Question

I have this Index action:

public ActionResult Index()
{  
    var repo = (YammerClient) TempData["Repo"];
    var msgCol = repo.GetMessages(); 

    ViewBag.User = repo.GetUserInfo();
    return View(msgCol.messages);
}

GetMessages returns a list of POCO messages and GetUserInfo returns a POCO with the info of the user (id, name, etc).

I want to fill a javascript variable with the JSON representation of the user info.

So I would want to do something like this in the view:

...
<script>
    var userInfo = "@ViewBag.User.ToJson()"
</script>
...

I know that doesn't work, but is there a way to do that?
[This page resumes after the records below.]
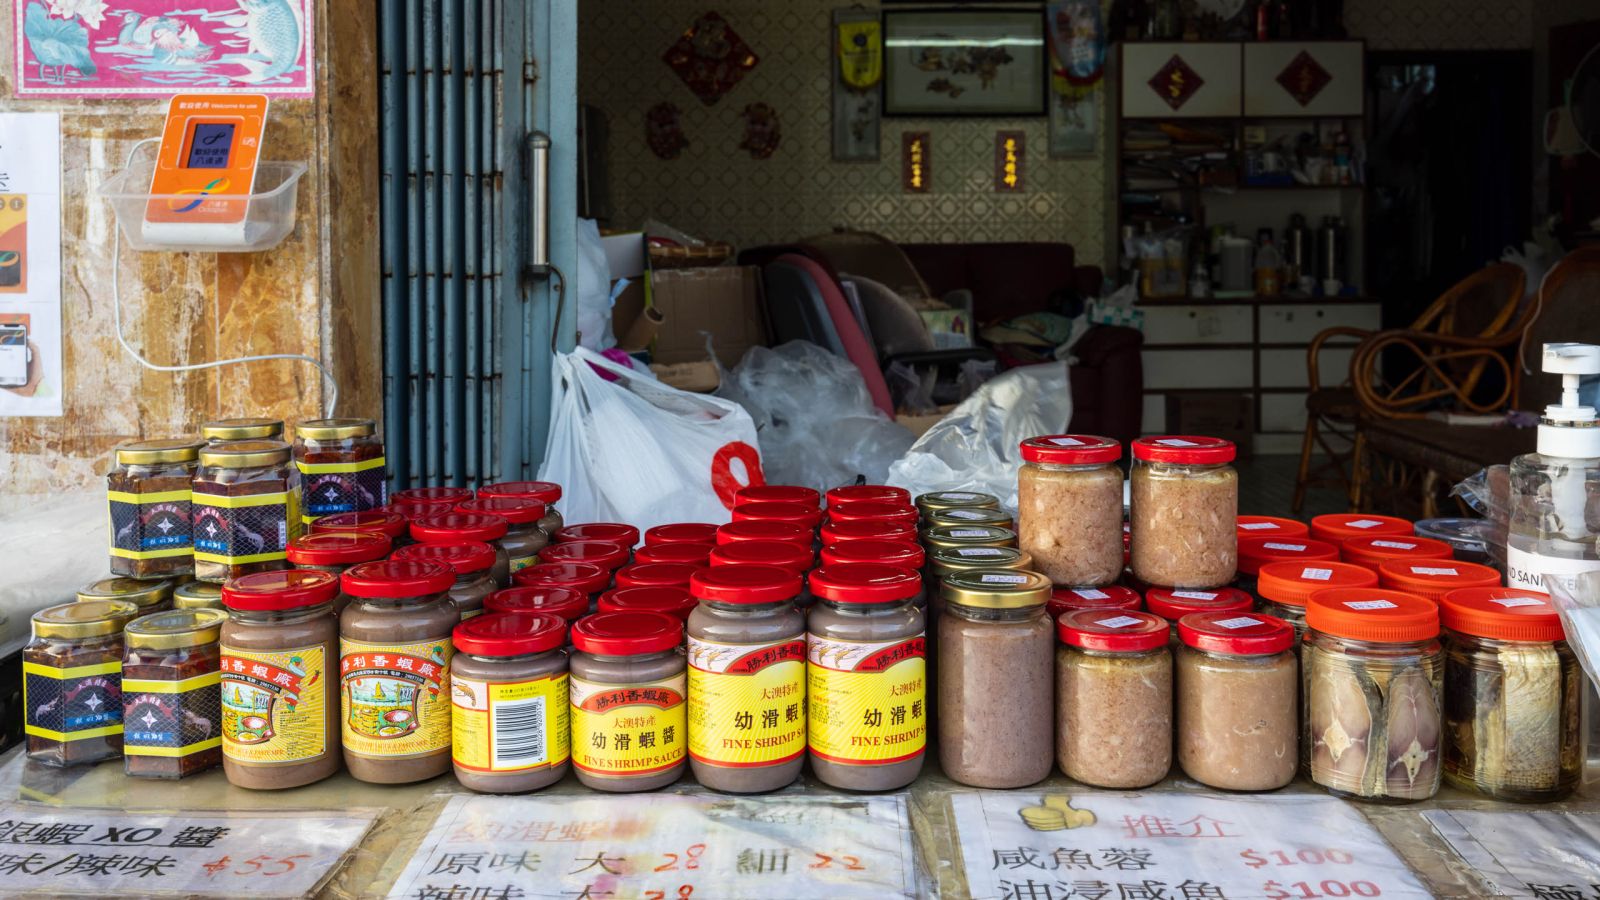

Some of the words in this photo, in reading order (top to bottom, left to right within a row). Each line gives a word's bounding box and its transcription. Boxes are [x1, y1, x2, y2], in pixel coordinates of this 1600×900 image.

[596, 689, 671, 709] 勝利香蝦廠
[592, 726, 675, 750] 幼滑蝦醬
[723, 738, 752, 749] FINE
[755, 731, 796, 748] SHRIMP
[851, 736, 880, 746] FINE
[883, 727, 920, 745] SHRIMP
[584, 755, 605, 769] FINE
[607, 757, 652, 768] SHRIMP
[654, 748, 682, 764] SAUCE
[1118, 814, 1235, 837] 推介
[92, 827, 163, 842] XO
[169, 826, 231, 847] 醬
[428, 850, 541, 875] 原味
[568, 851, 626, 875] 大
[653, 843, 706, 872] 28
[809, 851, 865, 870] 22
[992, 846, 1158, 870] 咸魚蓉
[1239, 848, 1354, 869] $100
[1263, 879, 1381, 900] $100
I want to avoid having to do an ajax request once the page is loaded just to get the user info.

Was it helpful?

Solution

In View you can do something like this

@{
        var jss = new System.Web.Script.Serialization.JavaScriptSerializer();
        var userInfoJson = jss.Serialize(ViewBag.User);
}

in javascript you can use it as

<script>


    //use Json.parse to convert string to Json
    var userInfo = JSON.parse('@Html.Raw(userInfoJson)');
</script>

OTHER TIPS

Was using this solution for simple objects. But I had some problems getting an array to js objects so I'll just leave what I did here.

C#

@{
  using Newtonsoft.Json;
  ViewBag.AvailableToday = JsonConvert.SerializeObject(list);
}

js

var availableToday = JSON.parse('@Html.Raw(ViewBag.AvailableToday)');

Client-Side Code:

This is an ajax call to a .Net MVC Controller:

var clientStuff;

$.ajax({
    type: 'GET',
    url: '@Url.Action("GetStuff", "ControllerName")',
    data: {},
    dataType: "json",
    cache: false,
    async: false,
    success: function (data) {
        clientStuff = data;
    },
    error: function(errorMsg) {
        alert(errorMsg);
    }
});

Server-Side Code:

CONTROLLER:

    public JsonResult GetStuff()
    {
        return Json(_manager.GetStuff(), JsonRequestBehavior.AllowGet);
    }

MANAGER:

    public IEnumerable<StuffViewModel> GetStuff()
    {
        return _unitofWork.GetStuff();
    }

UNIT OF WORK:

    public IEnumerable<StuffViewModel> GetStuff()
    {
        var ds = context.Database.SqlQuery<StuffViewModel>("[dbo].[GetStuff]");
        return ds;
    }

Unit of Work can be a query to a sproc (as I have done), a repository context, linq, etc. I'm just calling a sproc here for simplicity, although it could be argued that the simplicity lies with Entity Framework and Linq.

You can change this line :

ViewBag.User = repo.GetUserInfo();

To

ViewBag.User = new HtmlString(repo.GetUserInfo());

You should add using Microsoft.AspNetCore.Html; or using System.Web; if HtmlString is not accessible.